#### [Directions]
Only the pictures are to be omitted; every entry beneath should otherwise be duplicated exactly.

#### [Dataset content]
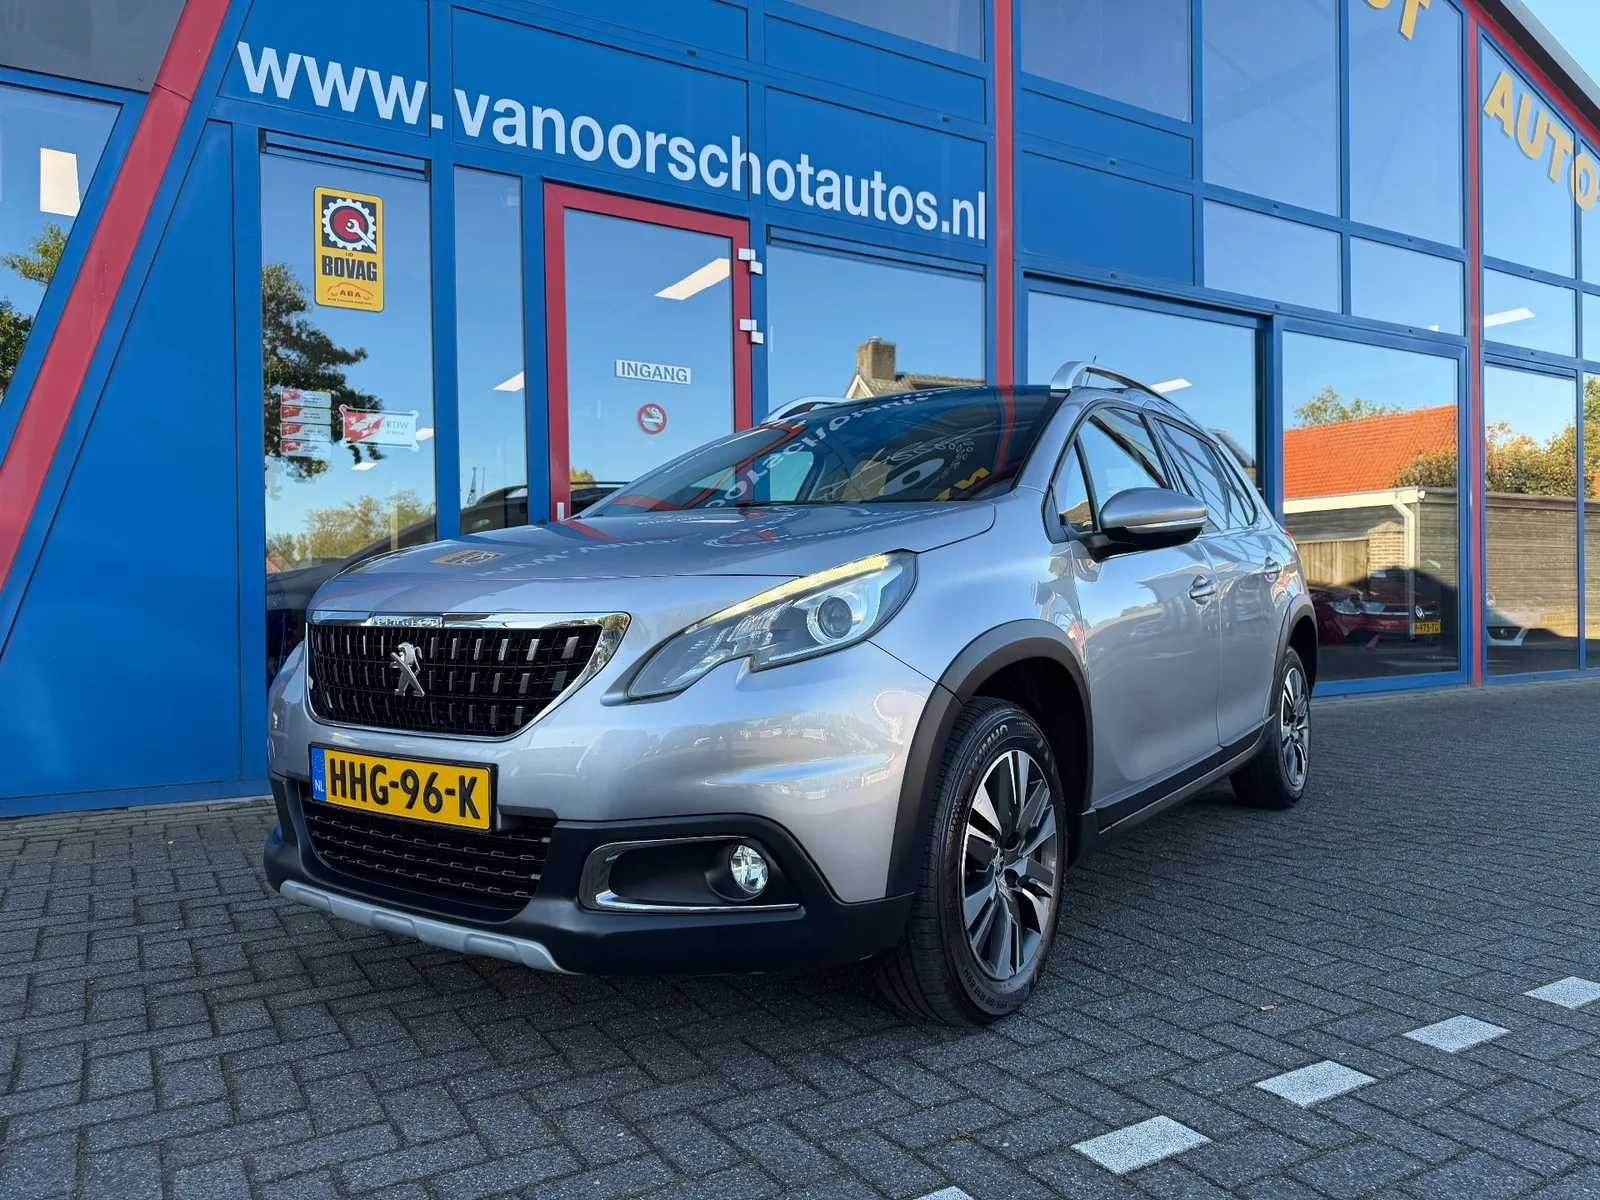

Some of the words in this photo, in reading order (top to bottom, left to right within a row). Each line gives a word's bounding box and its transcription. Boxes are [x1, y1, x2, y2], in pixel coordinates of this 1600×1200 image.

[237, 41, 986, 240] www.vanoorschotautos.nl
[321, 254, 378, 282] BOVAG
[339, 289, 362, 298] ABA
[621, 361, 688, 383] INGANG
[386, 420, 410, 429] RDW
[314, 779, 325, 792] NL
[329, 758, 481, 820] HHG-96-K

#### [Exercise response]
Some of the words in this photo, in reading order (top to bottom, left to right within a row). Each line gives a word's bounding box and its transcription. Boxes are [x1, y1, x2, y2], in pixel coordinates of this 1600×1200 image.

[237, 41, 986, 240] www.vanoorschotautos.nl
[321, 254, 378, 282] BOVAG
[339, 289, 362, 298] ABA
[621, 361, 688, 383] INGANG
[386, 420, 410, 429] RDW
[314, 779, 325, 792] NL
[329, 758, 481, 820] HHG-96-K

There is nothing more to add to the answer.